[3-2-1] The Team Is the Unit of Learning


Hey Reader,

Welcome to the 18th edition of the 3-2-1 (check out previous issues here).

I write about transforming ICs into Impact Contributors.

(By the way, did you see Elena Verna's viral piece on High-Impact ICs? So cool to see what we've been talking about here for years validated by strong external signals.)

A personal one this week. I've supported Arsenal for 30 years, and 22 of them were trauma. We won the league in 2004 with a team that didn't lose a single game, then did not win it again for two decades.

Four or five years ago I started to notice small signs that something was turning, and I've followed the rebuild obsessively ever since. I even started a note on my phone tracking everything Mikel Arteta was getting right. This season it finally paid off. He took Arsenal from perennial underachievers to Premier League champions.

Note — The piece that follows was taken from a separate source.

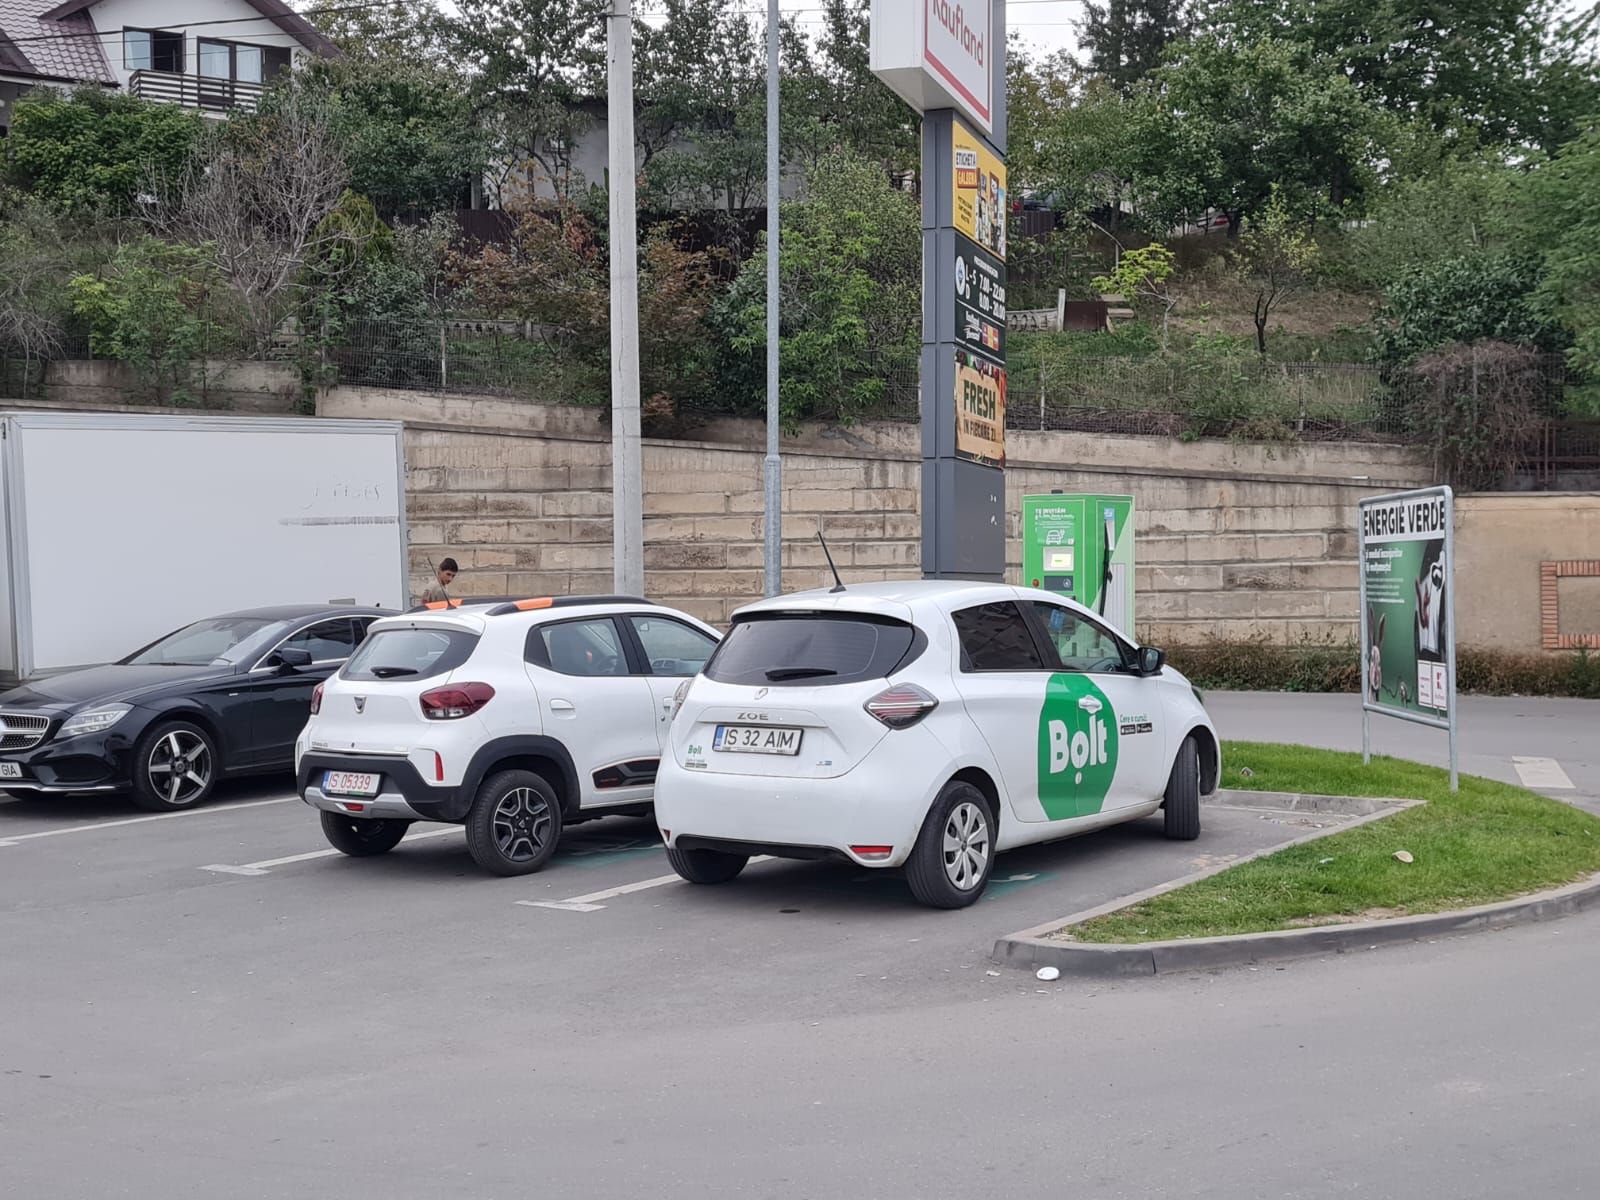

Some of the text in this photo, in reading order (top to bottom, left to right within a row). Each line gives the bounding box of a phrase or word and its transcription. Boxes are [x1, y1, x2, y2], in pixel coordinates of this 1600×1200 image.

Everyone is talking about the trophy. I want to talk about the method. He did not buy a better team. He built one that learns.

Let's get into it.


3 Things for Work (in L&D)

1. The Learning Culture Lotus, Seven Years Later (My LinkedIn)

A framework I built in 2019 resurfaced this month when an account with 331,000 followers reposted it without credit. The theft did not bother me, because what stuck was realizing the argument had aged into something bigger. The Lotus maps curiosity, continuous learning, and human connection into one loop. In 2019 it explained why top-down training fails. In 2026 it explains why most companies get isolated AI productivity gains instead of real team capability. If you missed it, start here. It sets up everything below.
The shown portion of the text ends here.